(Data provided)
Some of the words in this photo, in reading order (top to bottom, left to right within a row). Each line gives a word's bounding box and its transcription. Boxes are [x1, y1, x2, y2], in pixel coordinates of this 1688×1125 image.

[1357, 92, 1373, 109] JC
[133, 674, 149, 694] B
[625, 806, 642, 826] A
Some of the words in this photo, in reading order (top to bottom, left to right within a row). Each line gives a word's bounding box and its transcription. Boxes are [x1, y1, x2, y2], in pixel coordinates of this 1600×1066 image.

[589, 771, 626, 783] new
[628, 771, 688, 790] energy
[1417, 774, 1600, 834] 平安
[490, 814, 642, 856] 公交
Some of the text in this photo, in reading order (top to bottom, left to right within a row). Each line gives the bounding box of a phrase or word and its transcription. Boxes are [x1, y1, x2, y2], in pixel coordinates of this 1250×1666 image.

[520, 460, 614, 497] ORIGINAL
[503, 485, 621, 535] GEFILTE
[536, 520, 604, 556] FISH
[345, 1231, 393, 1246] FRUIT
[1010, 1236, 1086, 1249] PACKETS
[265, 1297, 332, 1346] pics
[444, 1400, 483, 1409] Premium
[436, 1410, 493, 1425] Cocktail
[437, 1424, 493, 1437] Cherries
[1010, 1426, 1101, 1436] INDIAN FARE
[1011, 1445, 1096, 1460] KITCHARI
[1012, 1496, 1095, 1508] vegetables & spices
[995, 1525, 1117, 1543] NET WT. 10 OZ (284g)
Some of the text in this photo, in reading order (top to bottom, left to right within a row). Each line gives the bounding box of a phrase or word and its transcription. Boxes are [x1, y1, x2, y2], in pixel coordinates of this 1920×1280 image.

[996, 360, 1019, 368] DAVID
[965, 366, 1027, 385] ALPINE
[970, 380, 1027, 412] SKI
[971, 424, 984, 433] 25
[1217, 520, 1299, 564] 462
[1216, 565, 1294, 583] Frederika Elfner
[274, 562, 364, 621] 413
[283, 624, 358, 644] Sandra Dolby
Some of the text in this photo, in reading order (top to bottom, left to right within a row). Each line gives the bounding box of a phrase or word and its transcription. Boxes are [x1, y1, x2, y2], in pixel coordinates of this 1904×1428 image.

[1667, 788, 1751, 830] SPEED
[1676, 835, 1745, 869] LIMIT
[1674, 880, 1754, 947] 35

(Assignment) Return exactly the lines from the one containing "this 1600×1066 image." through the last line of the records above, both included, and nothing else.

(Exercise solution)
Some of the words in this photo, in reading order (top to bottom, left to right within a row). Each line gives a word's bounding box and its transcription. Boxes are [x1, y1, x2, y2], in pixel coordinates of this 1600×1066 image.

[589, 771, 626, 783] new
[628, 771, 688, 790] energy
[1417, 774, 1600, 834] 平安
[490, 814, 642, 856] 公交
Some of the text in this photo, in reading order (top to bottom, left to right within a row). Each line gives the bounding box of a phrase or word and its transcription. Boxes are [x1, y1, x2, y2], in pixel coordinates of this 1250×1666 image.

[520, 460, 614, 497] ORIGINAL
[503, 485, 621, 535] GEFILTE
[536, 520, 604, 556] FISH
[345, 1231, 393, 1246] FRUIT
[1010, 1236, 1086, 1249] PACKETS
[265, 1297, 332, 1346] pics
[444, 1400, 483, 1409] Premium
[436, 1410, 493, 1425] Cocktail
[437, 1424, 493, 1437] Cherries
[1010, 1426, 1101, 1436] INDIAN FARE
[1011, 1445, 1096, 1460] KITCHARI
[1012, 1496, 1095, 1508] vegetables & spices
[995, 1525, 1117, 1543] NET WT. 10 OZ (284g)
Some of the text in this photo, in reading order (top to bottom, left to right within a row). Each line gives the bounding box of a phrase or word and its transcription. Boxes are [x1, y1, x2, y2], in pixel coordinates of this 1920×1280 image.

[996, 360, 1019, 368] DAVID
[965, 366, 1027, 385] ALPINE
[970, 380, 1027, 412] SKI
[971, 424, 984, 433] 25
[1217, 520, 1299, 564] 462
[1216, 565, 1294, 583] Frederika Elfner
[274, 562, 364, 621] 413
[283, 624, 358, 644] Sandra Dolby
Some of the text in this photo, in reading order (top to bottom, left to right within a row). Each line gives the bounding box of a phrase or word and its transcription. Boxes are [x1, y1, x2, y2], in pixel coordinates of this 1904×1428 image.

[1667, 788, 1751, 830] SPEED
[1676, 835, 1745, 869] LIMIT
[1674, 880, 1754, 947] 35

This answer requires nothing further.